Siamo noi consumatori-vittime che determiniamo, alla lunga, la liceità di
certi comportamenti.
Cos'è una maglietta ? Quasi nulla. Ma 1000 o 10.000 magliette ?
Personalmente ( non consiglio niente a nessuno, non ne ho l'autorità
morale e personale) essendo dotato di spirito polemico e senso della
giustizia sin dalla prima infanzia, non mollo.

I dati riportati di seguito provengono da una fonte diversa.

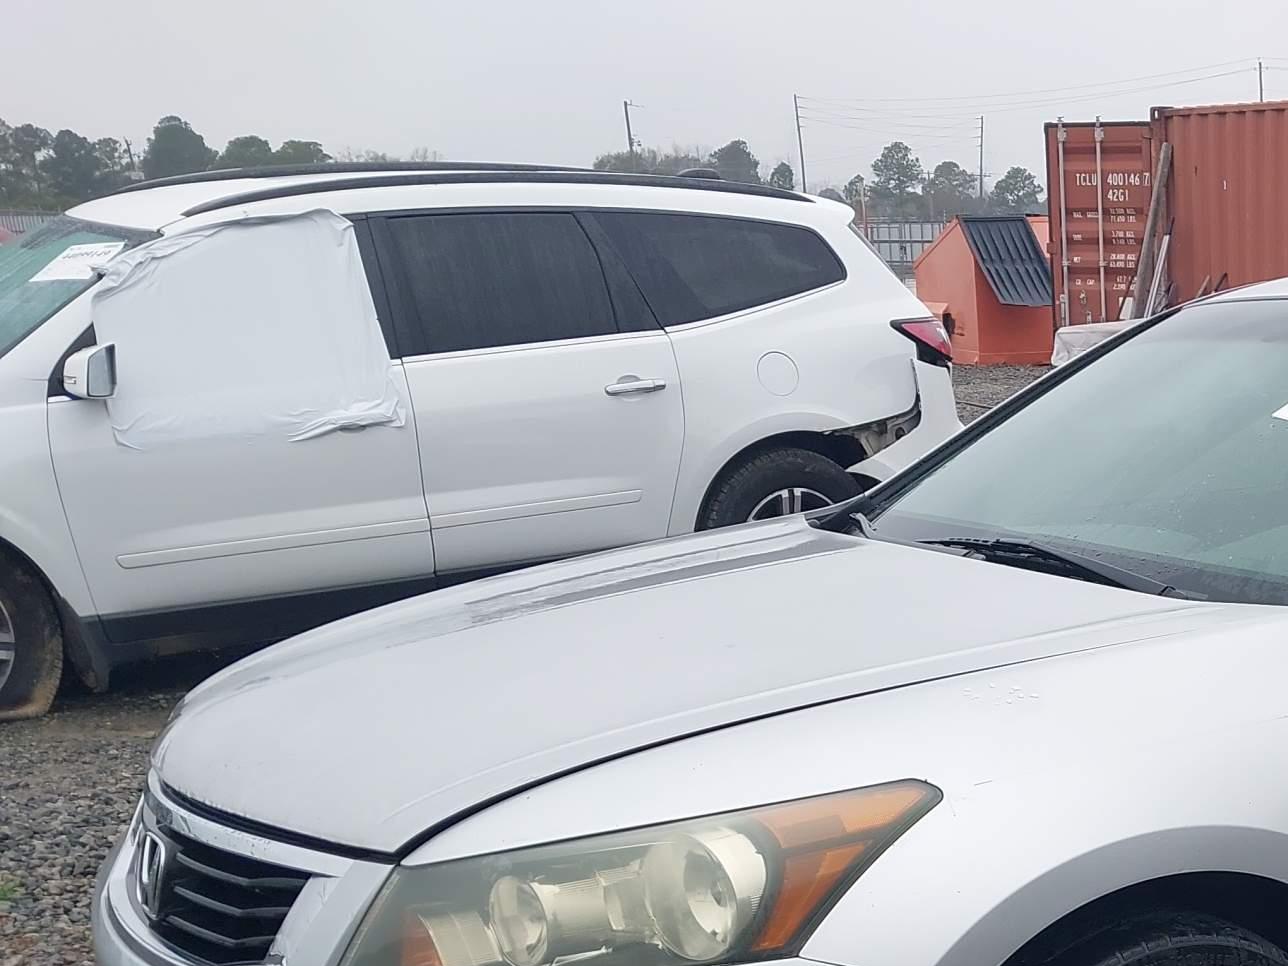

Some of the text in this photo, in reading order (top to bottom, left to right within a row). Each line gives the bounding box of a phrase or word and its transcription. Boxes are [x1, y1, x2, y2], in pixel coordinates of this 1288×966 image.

Cerco di evitare queste situazioni il più possibile ma se capita non
protesto: chiedo la soluzione del problema completamente a spese loro,
pena denuncia alla polizia postale o meno, lettere ai giornali e
quant'altro mi possa venire in mente.
Per il principio, non per l'importo: mi sono occorsi casi dove l'importo
era notevole, ma il principio dubbio e mi sono assorbito il danno, in
tutto o in parte.
Per coerenza, anche nel lavoro, nel gestire eventuali controversie di
nostri rivenditori vado a fondo, anche per un pezzetto da pochi euro. E se
c'è il raginevole dubbio che l'utilizzatore abbia un fondo di ragione, o
comnque vi siano zone d'ombra, intervengo "pro bono pacis".
Di contro, certe associazioni di consumatori mi sembra perseguano più
aspetti di tipo economico che di giustizia e/o principio, e questo
svilisce l'operato poi di tutta la categoria.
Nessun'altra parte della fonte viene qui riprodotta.